In my area, I was disappointed with what seemed to be a lack of info about signing up. I heard on a public radio station from a city about 60 miles away, that the financial half of the health system I work for was a portal to my state's exchange and that they had navigators on staff to assist the public. I work per Diem for them, and had no clue until this tidbit of info was dropped by a commentator on a discussion panel about the ACA.

Another aspect that was causing me to put it off was the thought of adding another monthly bill to the list, for a service that if my prior experiences with insurance ran true, I wouldn't be able to afford to use due to deductibles and co-pays.

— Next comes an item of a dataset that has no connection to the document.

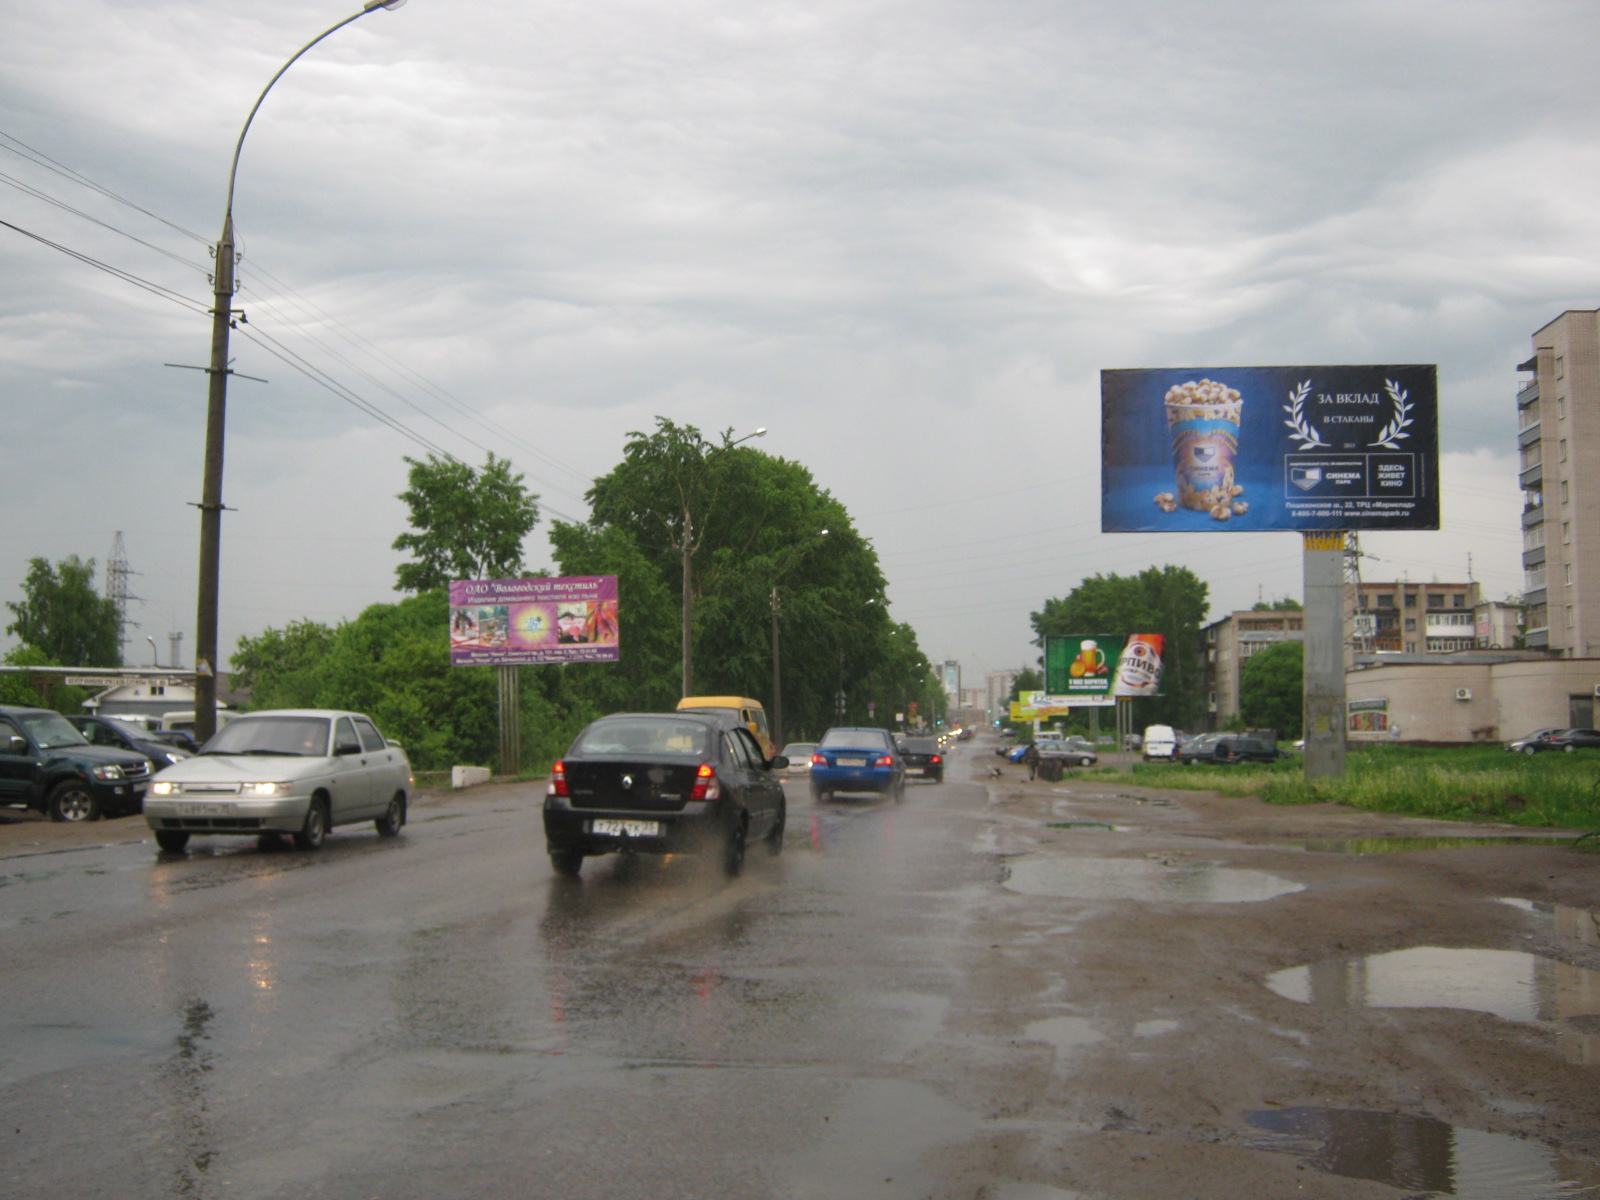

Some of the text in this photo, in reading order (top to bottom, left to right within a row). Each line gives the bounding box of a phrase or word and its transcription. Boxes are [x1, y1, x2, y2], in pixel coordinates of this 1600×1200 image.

After reading of other peoples' experiences here on DU, I took the plunge in early December and went to my state's exchange. Successfully created an account. Yeah! That was easy! Then it wanted income...OMG...confused the hell out of me. I then remembered about the navigators and looked on the site for directions on contacting one. I called the number, set up an appointment for the next day and gathered the necessary documents. My first meeting went great and took all of 15 minutes. I may have been able to accomplish what she did, on my own. However, it would have taken me forever, if I was able to do it at all. Because of changes in income between last year and projections for this year, my numbers needed to be approved.

I let the ball drop as the holidays rolled around. I went back on earlier this month and attempted to compare and pick plans...... uuuggghhhh. I was lost in insurance plan hell! I signed out of the site without choosing a plan. Well, this Monday, my navigator called for follow up and I made an appointment for today. And I just returned home.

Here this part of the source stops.